Twenty-one studies were eligible for inclusion (n=3,501, range 30 to 1,256): 19 RCTs (n=3,367) and two non-RCTs (n=134). Most studies failed to report their methods in adequate detail. Only eight described their randomisation method (considered adequate), only three reported blinded assessment and most failed to describe dropouts or report analysis by intention to treat. In nine studies, groups differed at baseline.
Patient education versus usual care or placebo/attention control: The intervention significantly improved knowledge and attitudes towards cancer pain and analgesia, the difference being half a point on a 0 to 5 scale (WMD 0.52, 95% CI 0.04 to 1.00, p=0.03; six RCTs). There was significant heterogeneity (I2=91%). Pooling of all nine studies with data suitable for meta-analysis also showed a significant improvement for this outcome (SMD 0.54, 95% CI 0.22 to 0.87). Three studies that reported dichotomous outcomes all reported a statistically significant benefit from the intervention.

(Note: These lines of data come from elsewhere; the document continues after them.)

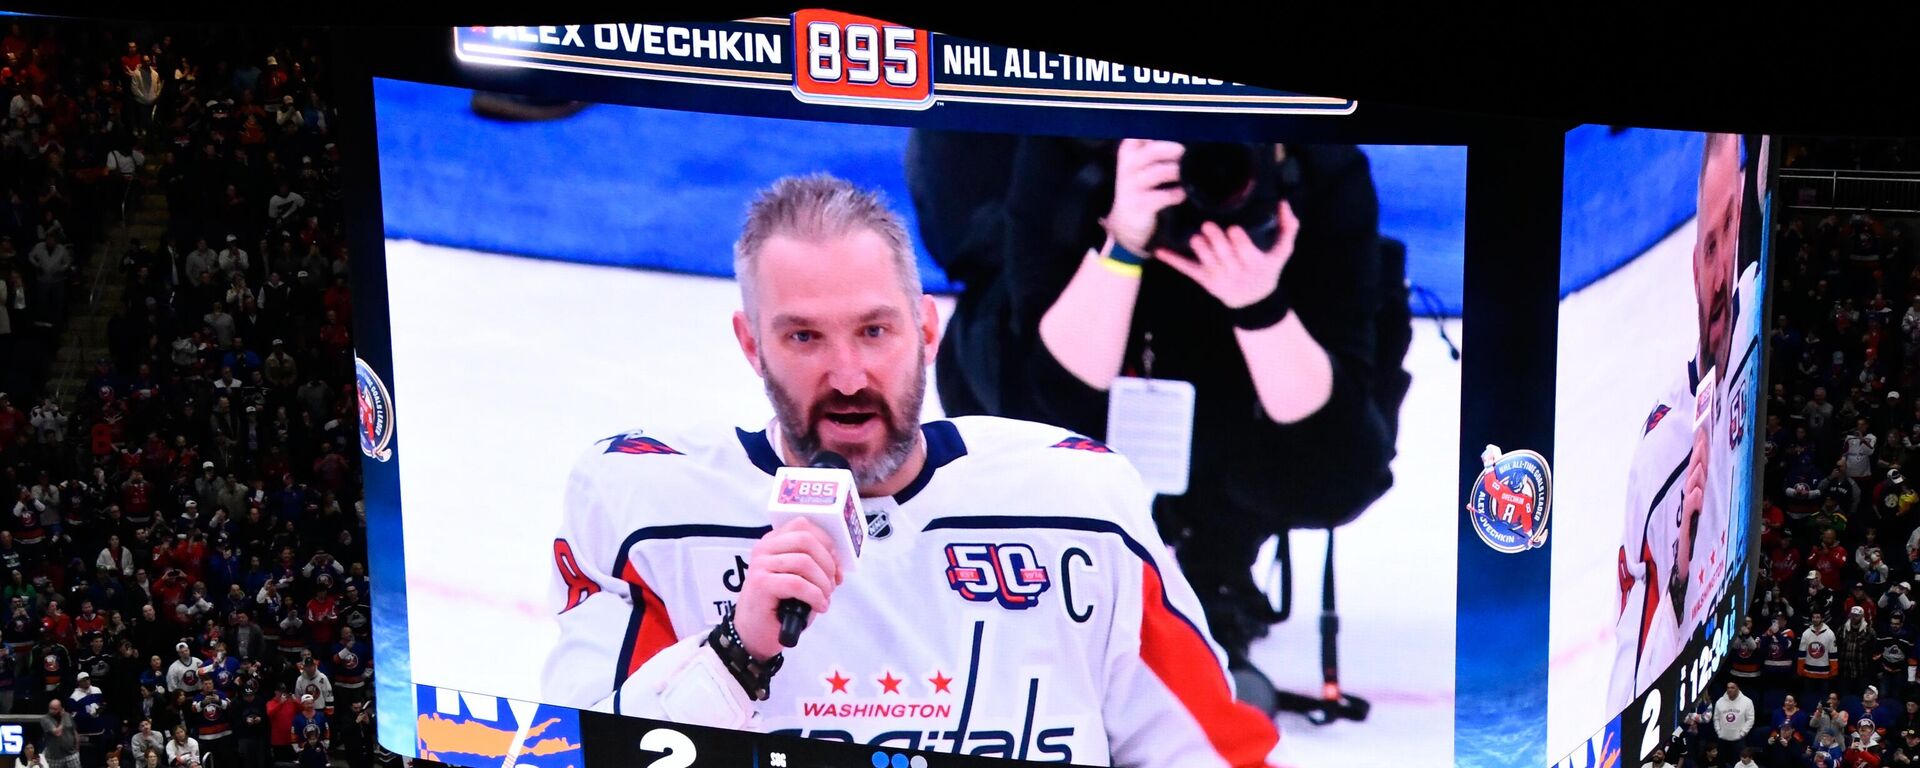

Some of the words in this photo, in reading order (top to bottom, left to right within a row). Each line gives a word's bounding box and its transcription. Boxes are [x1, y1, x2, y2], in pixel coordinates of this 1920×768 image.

[594, 23, 782, 64] OVECHKIN
[809, 23, 918, 86] 895
[943, 44, 997, 77] NHL
[1003, 47, 1127, 83] ALL-TIME
[798, 482, 836, 497] 895
[945, 543, 1050, 609] 50
[1060, 547, 1094, 623] C
[764, 620, 1074, 766] itals
[803, 702, 951, 718] WASHINGTON
[0, 724, 24, 755] 5
[1639, 688, 1662, 763] 2
[639, 728, 698, 768] 2

Sixteen studies reported pain intensity using a 1 to 10 scale: The intervention significantly reduced pain intensity (WMD -1.10, 95% CI -1.80 to -0.41, p=0.002; eight RCTs). There was significant heterogeneity (I2=88%). The intervention also significantly reduced maximum pain intensity (WMD -0.78, 95% CI -1.21 to -0.35, p=0.0004; eight studies, I2=38%), least pain (WMD -0.98, 95% CI -1.68 to -0.28, p=0.006; two RCTs, I2=34%) and current pain (WMD -0.65, 95% CI -1.21 to -0.09, p=0.02; four RCTs, I2=13%).
Findings for self-efficacy (six studies) were inconsistent. No statistically significant benefit for the intervention was found in two out of three studies that reported medication adherence. No statistically significant benefit for the intervention was found in seven out of eight studies that reported interference by pain with daily activities.
Both single and multiple exposure interventions were beneficial. Effects were more marked when compared with usual care than when compared with a placebo or attention control. Results did not vary substantially by study design.